The Shopping Trip
With spontaneity effectively corraled by COVID-19 restrictions, the first major shopping trip to a large chain supermarket in six weeks took some planning. It began two days ago with research on face mask designs and patterns. While there is considerable debate about the efficacy of masks, the official health recommendation is to wear them in places where a 2 metre distance cannot be maintained such as on public transit and in some stores. A major chain supermarket, the one I was planning to go to, had just required that its patrons wear masks. I didn't need a fashion statement, just a simple covering that would do the job well enough. Having found just the ticket with a combination of simple design and low skill level, I then set off to find suitable fabric and some elastic somewhere in the house. For the fabric, a few options readily came to hand mostly in the form of shirts that had seen better days. But the best was one of our dog's bandanas. The collar had worn away yet somehow the piece had yet to make it into the garbage bin and there was enough salvageable material to make the mask. Into the wash it went while I searched for elastic.
My late mother-in-law was a very accomplished seamstress. She sewed everything from pillowcases to tea towels, to jackets and skirts, dresses, blouses, shirts, and undergarments. I have her sewing basket.

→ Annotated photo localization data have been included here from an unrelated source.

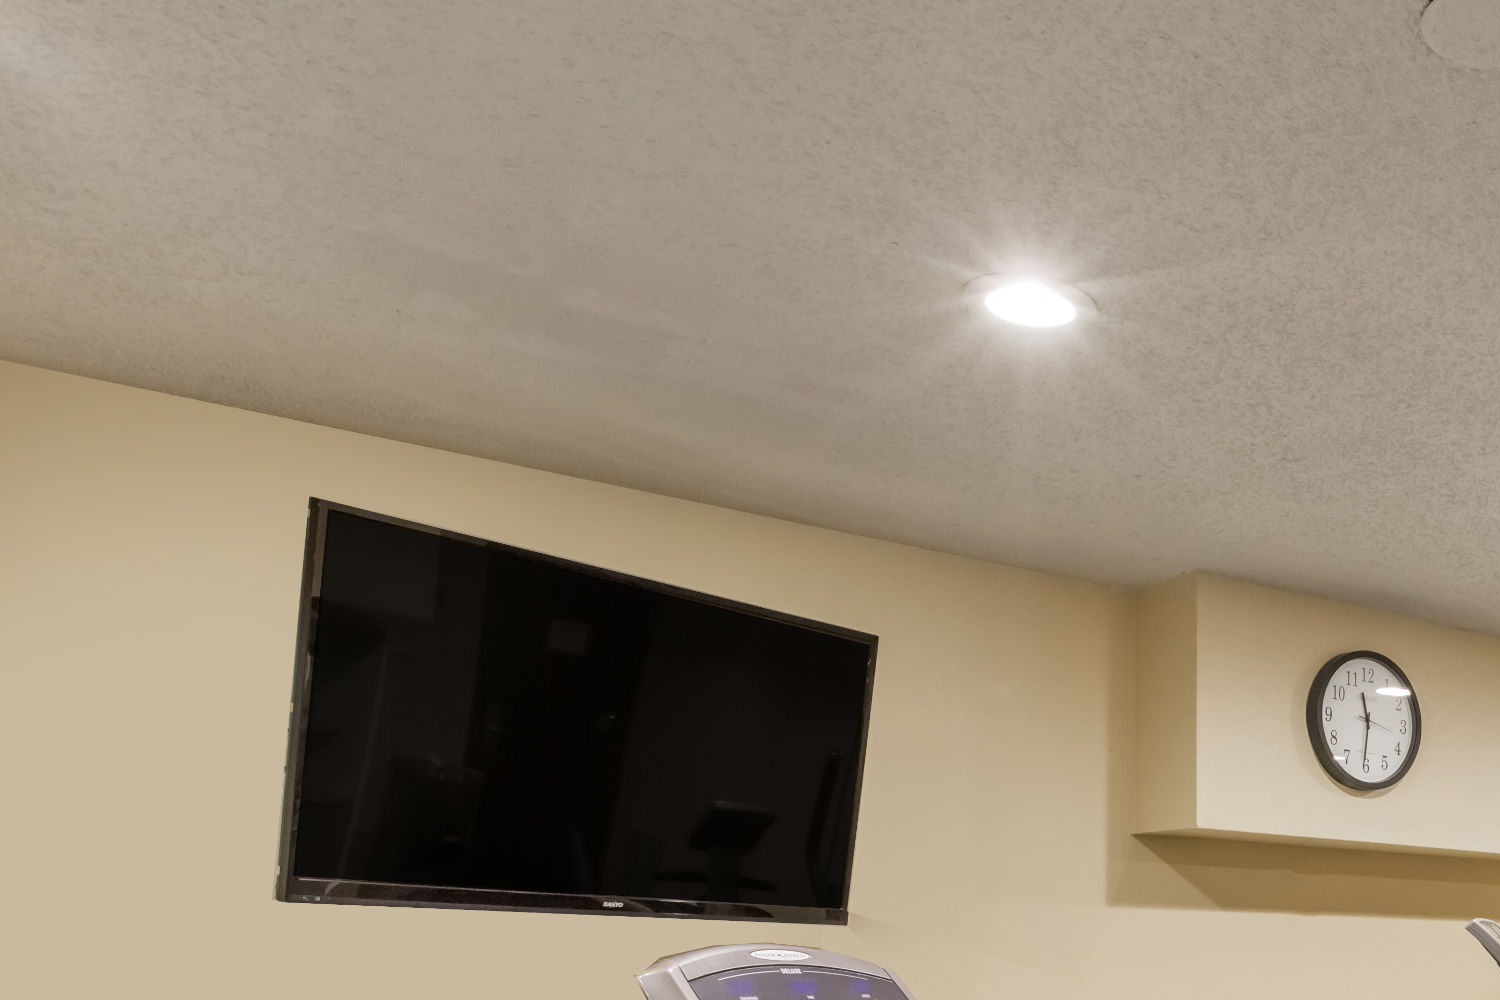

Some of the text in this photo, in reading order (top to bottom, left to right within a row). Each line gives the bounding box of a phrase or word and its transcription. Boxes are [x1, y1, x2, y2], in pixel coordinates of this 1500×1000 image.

[1345, 670, 1358, 687] 11
[1361, 667, 1375, 684] 12
[1332, 685, 1346, 702] 10
[1395, 696, 1403, 711] 2
[1324, 706, 1333, 722] 9
[1400, 719, 1407, 735] 3
[1330, 729, 1338, 746] 8
[1343, 748, 1351, 765] 7
[1394, 741, 1402, 756] 4
[1362, 758, 1370, 774] 6
[1381, 755, 1389, 771] 5

It is chock full of notions and doodads, reams of seam binding, and spools of thread galore. The treasures in this box had rescued me from so many sewing failures, surely there must be some elastic in it. It's not like I need 500 metres of it, just 40cm.
Eureka!
Rotary cutter in hand and box of pins by my side, I set about preparing the fabric for sewing. Then came the scary part - making friends with my vintage sewing machine again. But I was on a mission. I wanted to go shopping and I needed a mask! I deplore the increased use of disposables that this pandemic has brought, so with great courage and determination, I hauled out the forty-year-old Kenmore.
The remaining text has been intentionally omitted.